Ben Doughty: Finding the right answers

June 26, 2017 — No two scientists have the same story about how they ended up in their field. Some people seem to have been born scientists; others develop their love for it as budding minds full of curiosity. Then there are those who don’t discover science until later in life, but when they do, they fall down the rabbit hole with the same interest and passion as any lifelong scientist.

Ben Doughty’s introduction to science didn’t occur until he had almost graduated from high school. He remembers sitting in a diner as a teenager with his father, hearing about the theory of relativity for the first time. The conversation led him to read Stephen Hawking’s A Brief History of Time, which piqued his interest in physics and the “odd and abstract” world of science.

“It was sort of hard to believe that all this stuff existed and that it didn’t really impact me on a daily basis but people could explain it with math,” he said.

Doughty enjoyed his chemistry classes and was motivated to delve deeper into the science and pursue chemistry research at the University of Florida, where he first encountered laser spectroscopy.  

“I’ve always understood science and chemistry in a time-domain picture. That’s how my brain works,” Doughty said.

With laser spectroscopy, he said, “a whole new world opened up where I could do research and I could learn something really new that no one else had seen before.”

Doughty earned his doctorate from the University of California, Berkeley, in 2010 and went on to work as a postdoctoral scientist at Columbia University before joining ORNL in 2013 as a Wigner Fellow.

Now, Doughty is a laser spectroscopist in the Chemical Sciences Division of the Department of Energy’s Oak Ridge National Laboratory, where he uses powerful lasers to probe the chemical properties of nanoscopic and macroscopic surfaces.

Doughty’s research uses femtosecond laser pulses, just a millionth of a billionth of a second in length, to initiate and probe processes in complex materials and extract molecular structure and orientation at reactive surfaces. The lasers provide a high-definition look into how molecules bind to a surface and how electrons, holes and excitons in the material move in real time and space.

“We’re on the basic energy science side of things, so we’re studying very simple molecules on very nice, clean surfaces,” Doughty said. “Understanding these processes at a very fundamental level, though, is the framework for more advanced studies of more complicated materials.”

The resulting data takes a good deal of interpretation, Doughty said, but the information from these seemingly basic experiments can be used to understand and improve complex chemical and material systems such as catalytic surfaces and solar cells.

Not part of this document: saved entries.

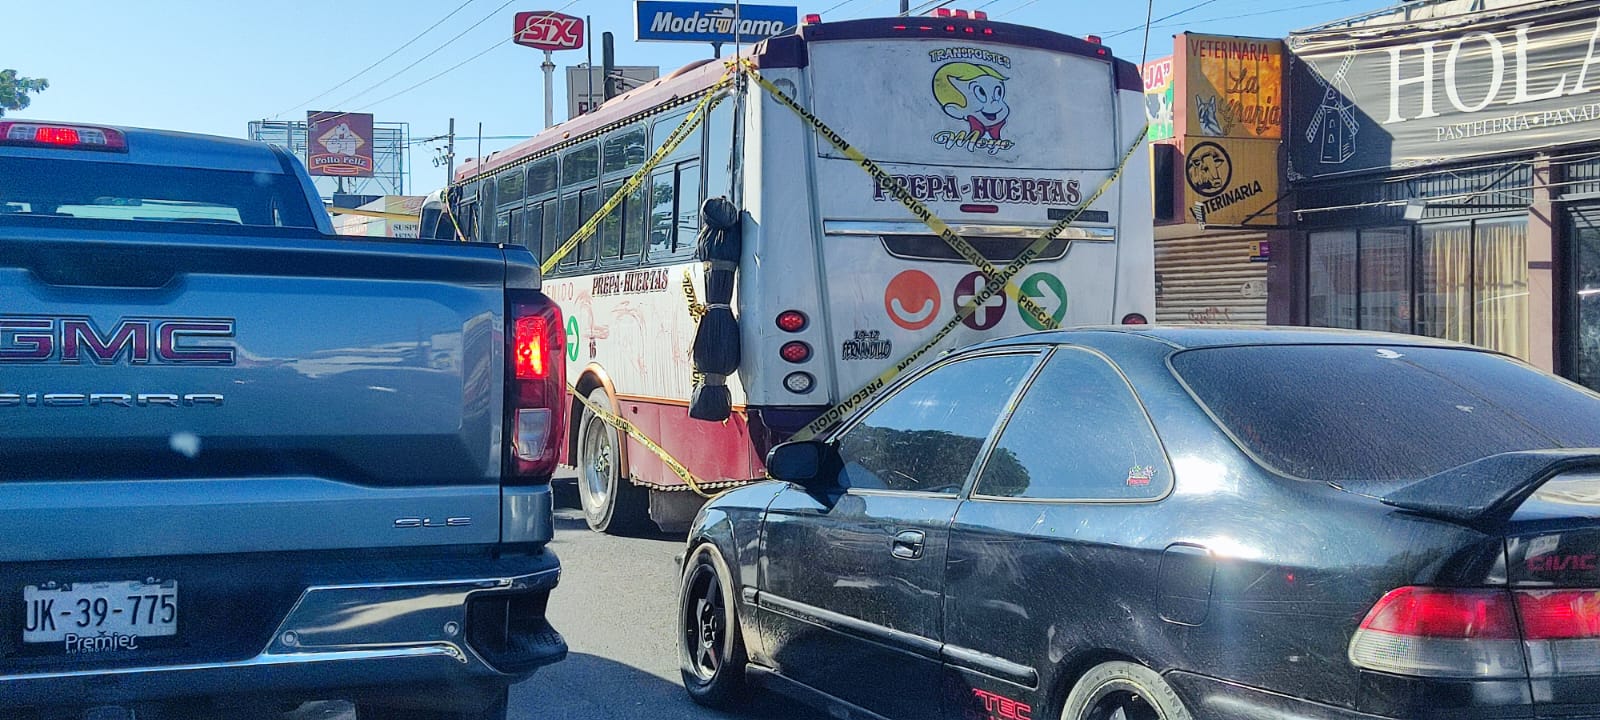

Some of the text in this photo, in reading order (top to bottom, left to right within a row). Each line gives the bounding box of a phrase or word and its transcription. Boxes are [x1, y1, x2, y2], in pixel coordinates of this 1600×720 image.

[929, 47, 1011, 69] TRANSPORTES
[1190, 38, 1270, 62] VETERINARIA
[1226, 67, 1260, 94] La
[1436, 111, 1531, 142] PASTELERÍA
[315, 156, 367, 166] Pollo Feliz
[860, 158, 932, 222] PRECAUCION
[1190, 180, 1264, 221] VTERINARIA
[592, 270, 669, 297] PREPA-HUERTAS
[0, 315, 236, 366] GMC
[808, 377, 884, 435] PRECAUCION
[394, 516, 472, 528] SLE
[24, 594, 176, 632] UK-39-775
[65, 631, 139, 651] Premier

“You get a line on a screen, and then you have to make sense of it,” he said. “The exciting part is when you start being able to assign what those wiggles mean and assign them to visual things, to a model.”

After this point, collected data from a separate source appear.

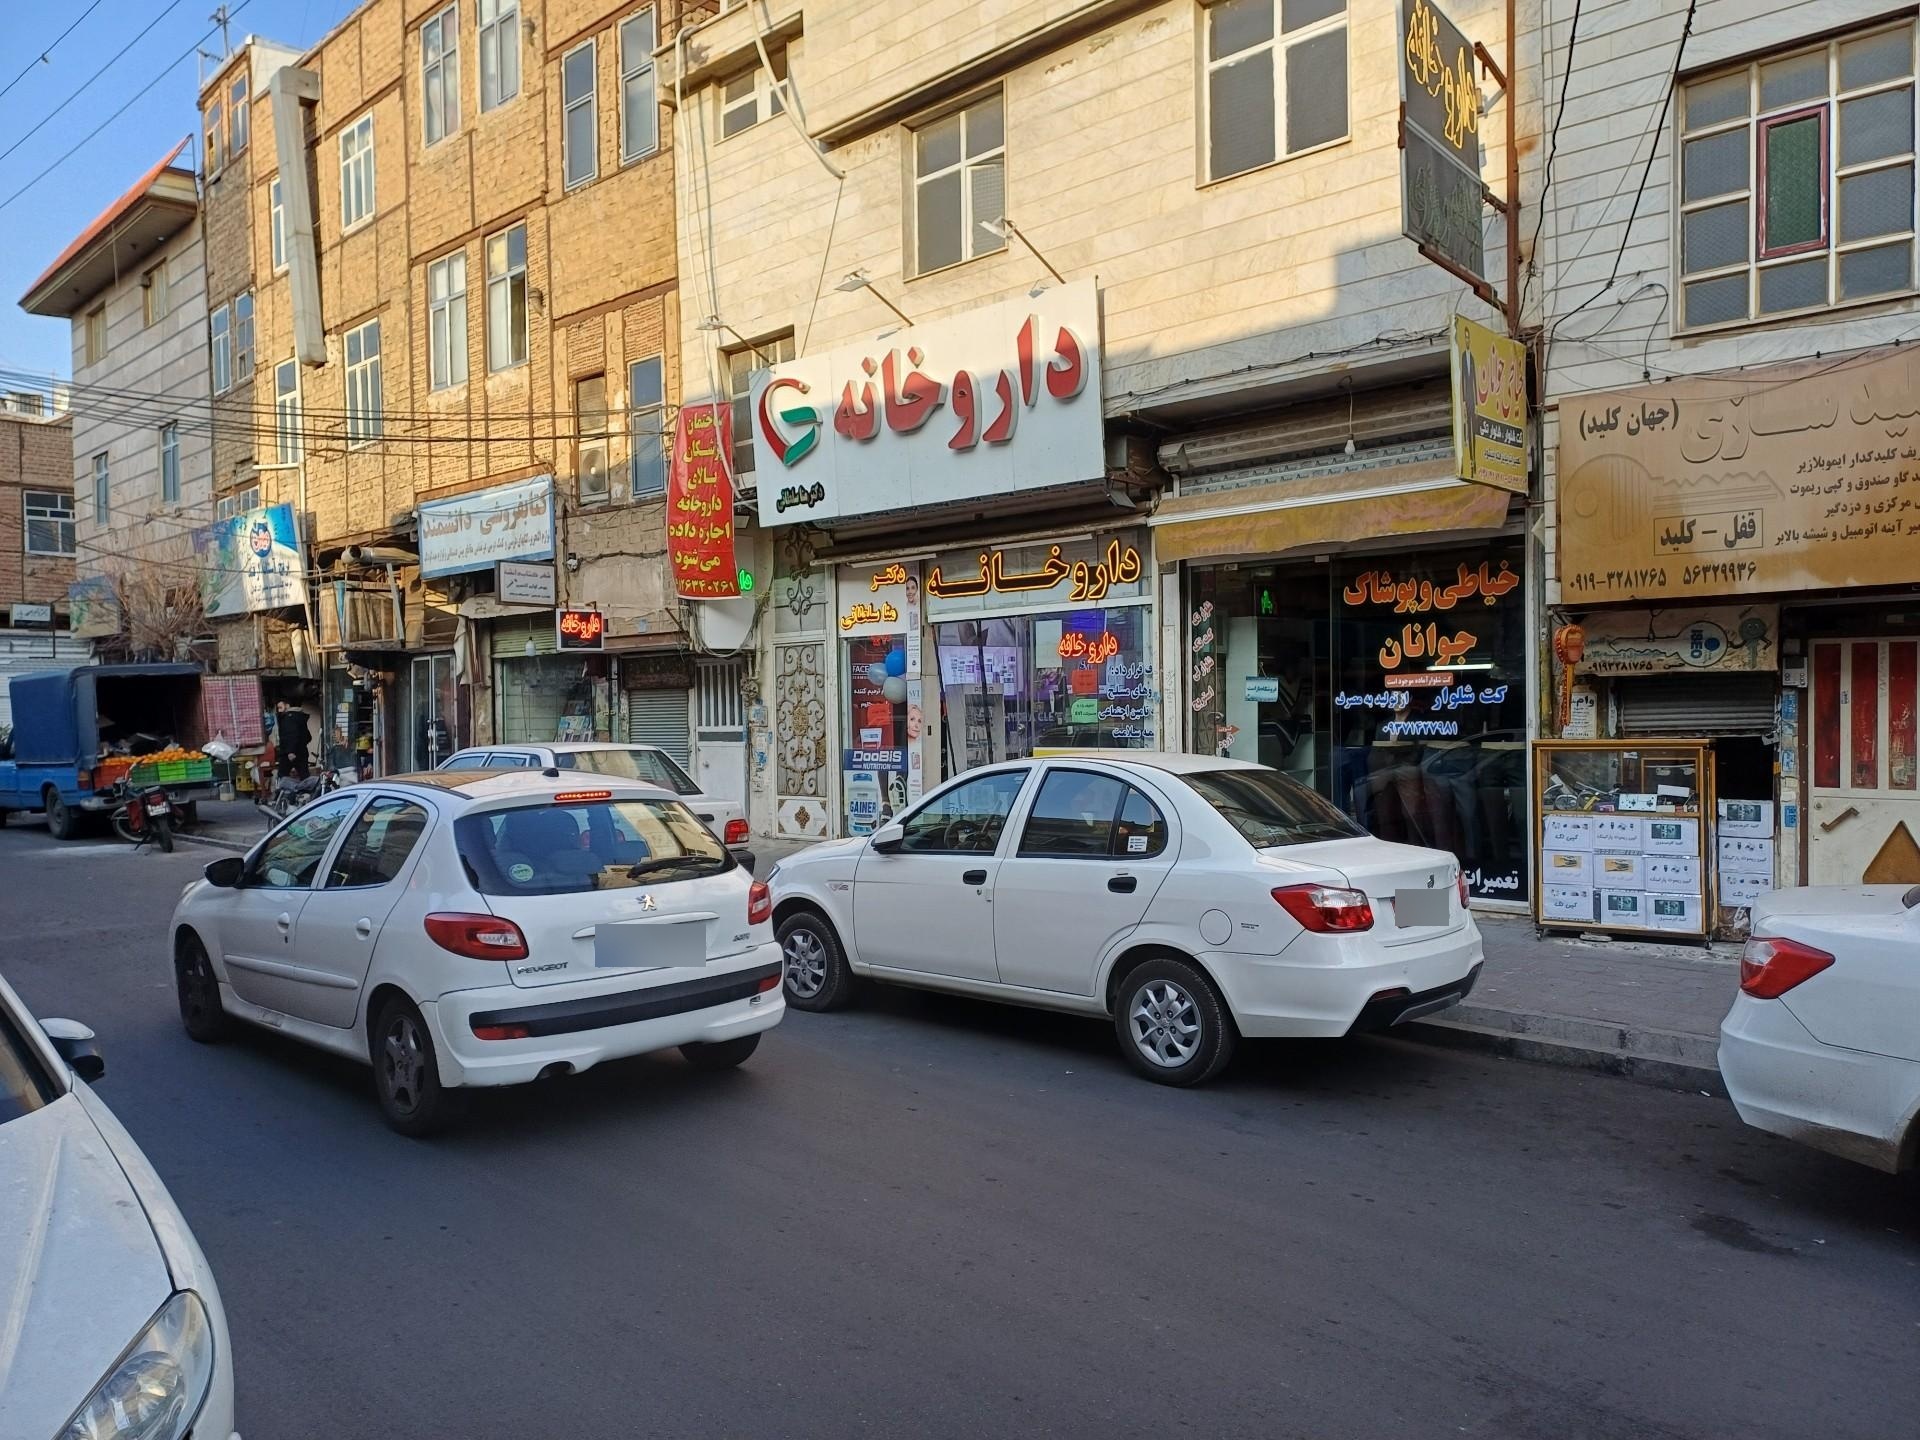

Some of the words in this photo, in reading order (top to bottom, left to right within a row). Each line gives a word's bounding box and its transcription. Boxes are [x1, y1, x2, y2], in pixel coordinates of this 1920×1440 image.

[833, 313, 1088, 452] داروخانه
[687, 465, 718, 490] بالای
[479, 490, 547, 535] کتابفروشی
[676, 494, 723, 517] داروخانه
[669, 520, 697, 538] داده
[698, 521, 731, 545] اجاره
[1660, 518, 1697, 552] کلید
[1724, 511, 1757, 549] قفل
[674, 547, 699, 570] شود
[700, 555, 721, 572] می
[926, 538, 1141, 601] داروخانه
[870, 563, 906, 592] دکتر
[1343, 570, 1417, 613] پوشاک
[1434, 560, 1520, 609] خیاطی
[1417, 580, 1433, 612] و
[560, 613, 601, 639] داروخانه
[840, 602, 881, 630] سلطانی
[1058, 631, 1118, 663] داروخانه
[1379, 622, 1477, 669] جوانان
[1107, 685, 1130, 701] مسلح
[1431, 683, 1476, 711] شلوار
[1479, 685, 1508, 705] کت
[1111, 724, 1142, 738] سلامت
[517, 961, 569, 975] PEUGEOT

Doughty enjoys the tinkering challenge of his work, where every element, from instrument programming to the optics, must be home-built by the researchers. He likens it to “really expensive adult Legos” that must be assembled into one cohesive unit before an experiment can function.

“There’s not a challenge that’s exactly the same as this,” he said. “There’s a level of precision you have to have here. It’s the challenge that keeps me excited about the job.”

The intricate setup is sensitive to failure and the data often takes a long time to analyze. Doughty said scientists in his line of research must possess dedication, skill and, above all, abundant patience in order to obtain the desired results.

“You have to be excited at the failures of an experiment to realize how to make the next one work better,” he said. “There’s a little bit of stubbornness, when you say, ‘I know I’m going to get this to work.’”

Doughty can’t pinpoint exactly what drives him to pursue his research and continue to innovate, but he knows the satisfaction that comes from a successful experiment can make the whole process worth it.

“When it all finally works together, it’s like you’ve actually accomplished something. You can see what’s been done,” he said. “It’s a remarkable feeling at the end of the day when you finally get the right answer.